### Saved data entries

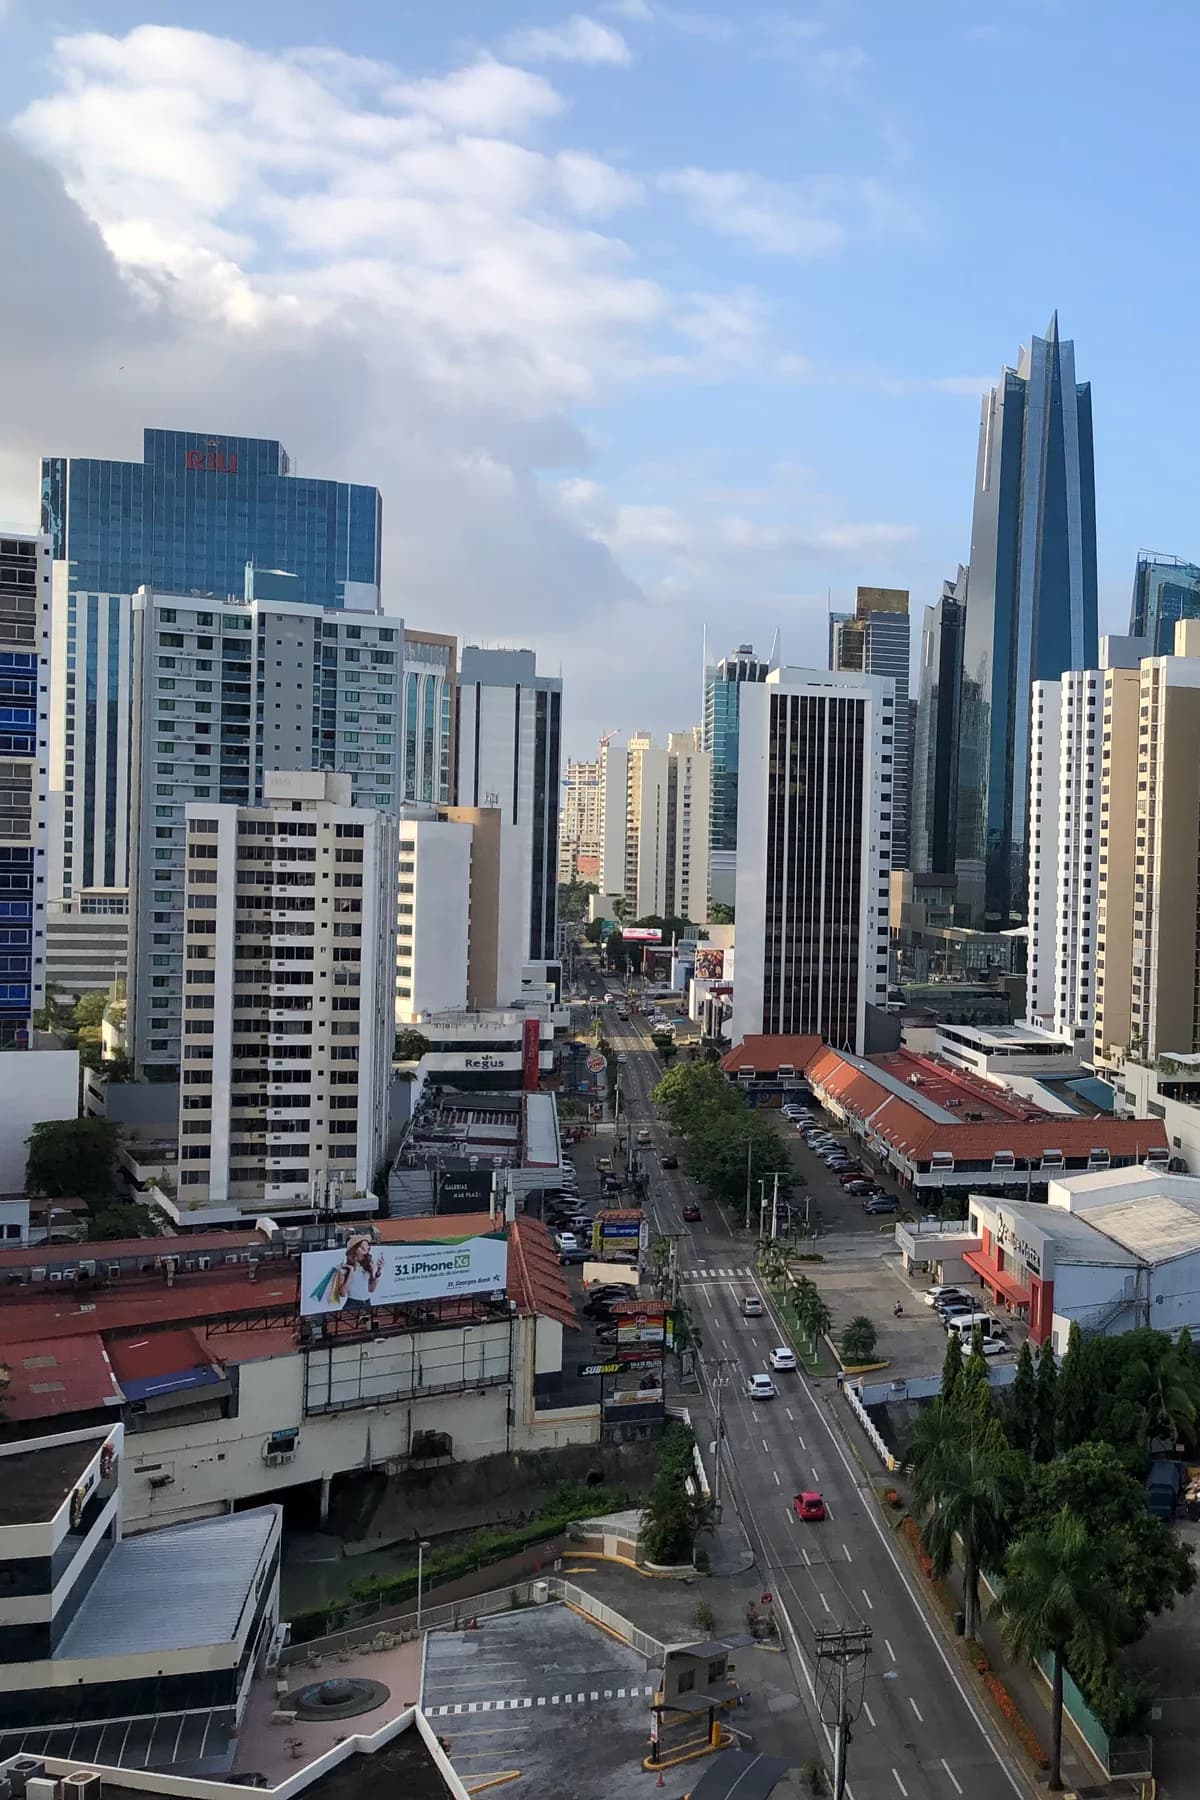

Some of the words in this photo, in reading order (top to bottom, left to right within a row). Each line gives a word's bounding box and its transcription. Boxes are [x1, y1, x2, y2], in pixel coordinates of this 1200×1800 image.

[186, 449, 238, 472] RIU
[465, 1058, 504, 1070] Regus
[394, 1264, 409, 1276] 31
[411, 1261, 453, 1274] iPhone
[582, 1363, 623, 1375] SUBWAY

### ACTION ITEM
Write out the entries again word for word. Do not include the pictures.

### THE COMPLETED TASK
Some of the words in this photo, in reading order (top to bottom, left to right within a row). Each line gives a word's bounding box and its transcription. Boxes are [x1, y1, x2, y2], in pixel coordinates of this 1200×1800 image.

[186, 449, 238, 472] RIU
[465, 1058, 504, 1070] Regus
[394, 1264, 409, 1276] 31
[411, 1261, 453, 1274] iPhone
[582, 1363, 623, 1375] SUBWAY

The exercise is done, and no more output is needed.